After spending a couple of days in the ICU, Emma was transferred to the Children’s Hospital in Iowa City, where she spent the remainder of her recovery.

The accident left Emma with a cut below her eyebrow, a broken pelvis, a broken tailbone, two collapsed lungs, a broken vertebrae and a lacerated liver and spleen.

Regarding her miraculous survival and recovery, she said, “It was just so weird. It was so surreal. The weird thing is that I didn’t pass out during my accident. I was conscious the whole time, but I was in so much shock that I don’t remember it. I was awake, so why can’t I remember it? And why didn’t I need any physical therapy? I shouldn’t have been fine, but I was. I don’t know why I’m not dead or paralyzed. I just don’t know.”

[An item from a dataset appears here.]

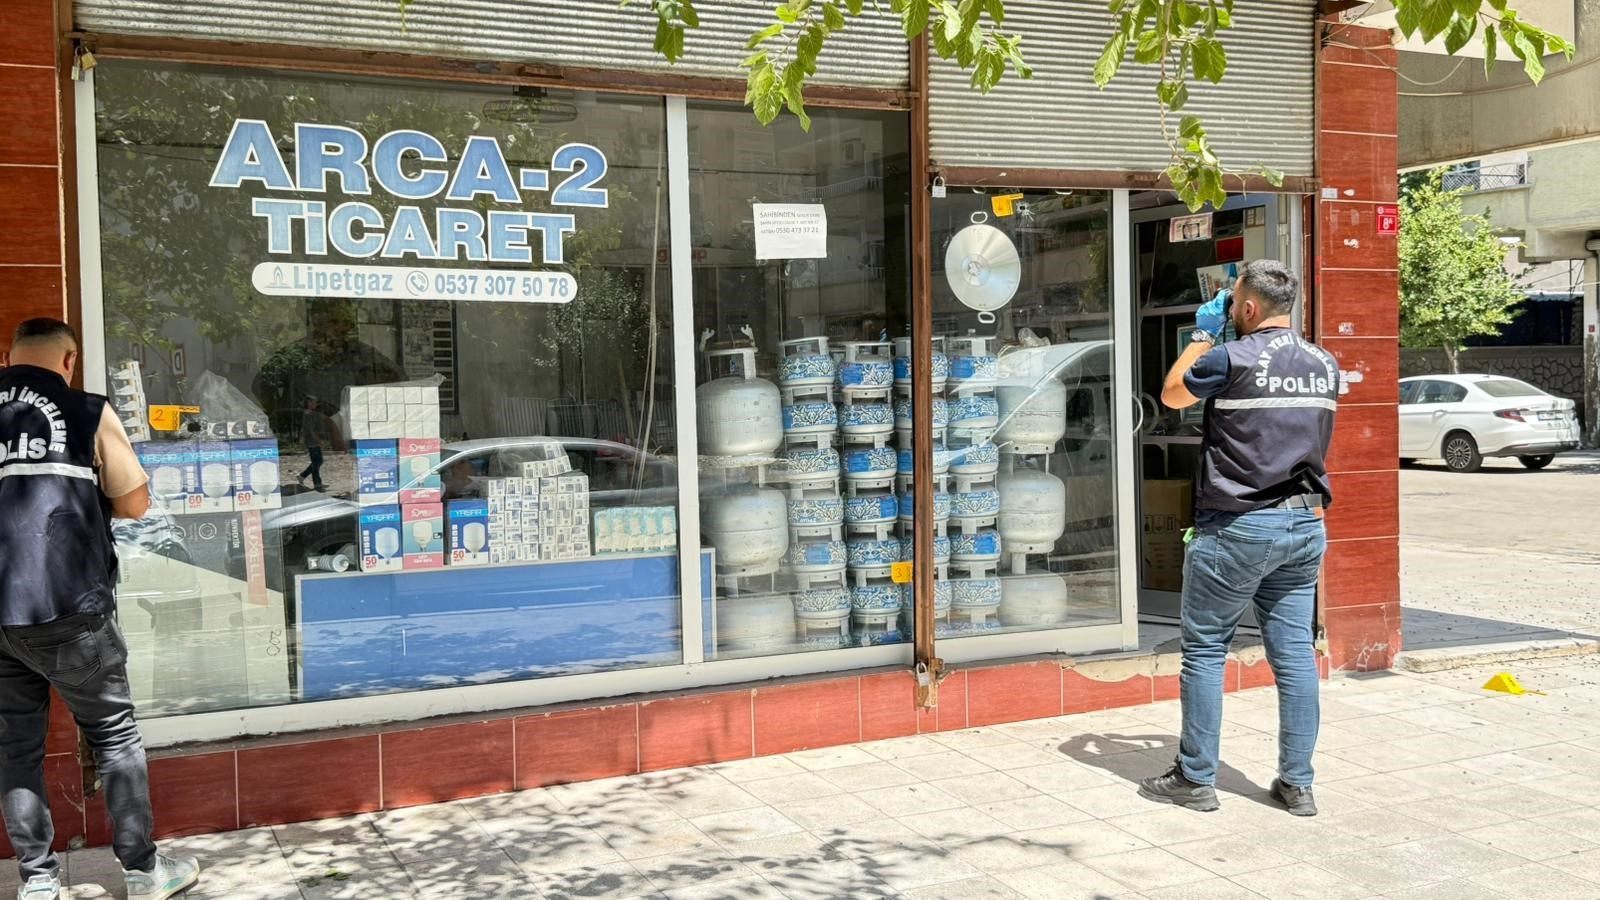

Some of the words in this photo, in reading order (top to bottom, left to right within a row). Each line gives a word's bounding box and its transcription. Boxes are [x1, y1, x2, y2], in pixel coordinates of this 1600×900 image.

Emma’s miraculous recovery was not the only bizarre thing about her crash. A year before, on the exact same date, Oct. 6, 2015, Emma had also been hospitalized, but for a different reason entirely.

In her junior high years, she had struggled with a great deal of anxiety and depression. Constantly being picked on by her peers pushed her to a breaking point near the beginning of her sophomore year.  Emma struggled to go to school and had breakdowns daily. Everyday life grew harder and harder for her to deal with.

It reached a point where Emma’s parents were considering sending her to a residential treatment facility in Chicago. However, there were no available beds, so Emma had to wait to attend.

“Oct. 6 rolled around, and I remember that I came home from school, and I had a manic episode. I took some of my mom’s cancer meds, and I self harmed, and I remember that I wanted to run away. I grabbed a yellow backpack, some crackers, letters that people had written to me over the years, a sweatshirt, a notebook and a pencil, and five bucks,” she paused. “I went on a walk, and I remember that I was crying. Other than that, I don’t really remember much. A lady found me on the side of the road in the country, and she took me to the hospital. They committed me after that.”

Emma was committed to an inpatient mental health facility in Independence until she was later transported to the residential facility located in Chicago that she had previously planned on attending. The day she arrived, she wore her yellow sweater.

“It was going to be a good day,” she told herself. She remained at that facility for one month before being released.

“As scary as it was, I don’t want to say I’m glad that it happened, because it sucked, but it definitely was kind of a reality check for me. It was important. I think I really needed that to get it through my head that I was not dealing with things in a way that I should have been. I needed a wake up call,” Emma said.

She reflected over the significance of the traumatic incidents happening on the same day a year a part.

“I’m not a religious person, but some days I have really tough days, and I think life is so hard, and I’m so sad and I feel like things never get better, but then I realize that those two things happening on the same day a year a part is a sign that I am supposed to be here. And if God or whoever rules the universe wanted me dead, I’d be gone. It’s a sign that I have a purpose, and that I was meant to be here, and it wasn’t my time to go. I could have been paralyzed. I could have been brain damaged. But I’m not. Honestly, I’ve felt at times like I am the most unlucky girl out there, and then I think of this, and I realize that I’m so lucky. It just blows my mind.”

Emma’s father shared the pride that he and his wife felt for their daughter and her perseverance.

“We are extremely proud of Emma. She’s come a long way, and she did it all herself. Everything that she’s been able to accomplish over the past two years is all because of her and her hard work, her commitment to working on things that she’s struggled with and making herself better, so we’re extremely proud of her.”

As October rolled around this year, Emma went to the salon to get her nails done — her trademark pink color. She no longer has her yellow sweater, but she decided to wear something yellow anyway.

She pulls on her new shirt, the fabric tickling her skin, reminding her of what it means to be alive.

“It is going to be a good day,” she told herself. “It’s going to be a good day.”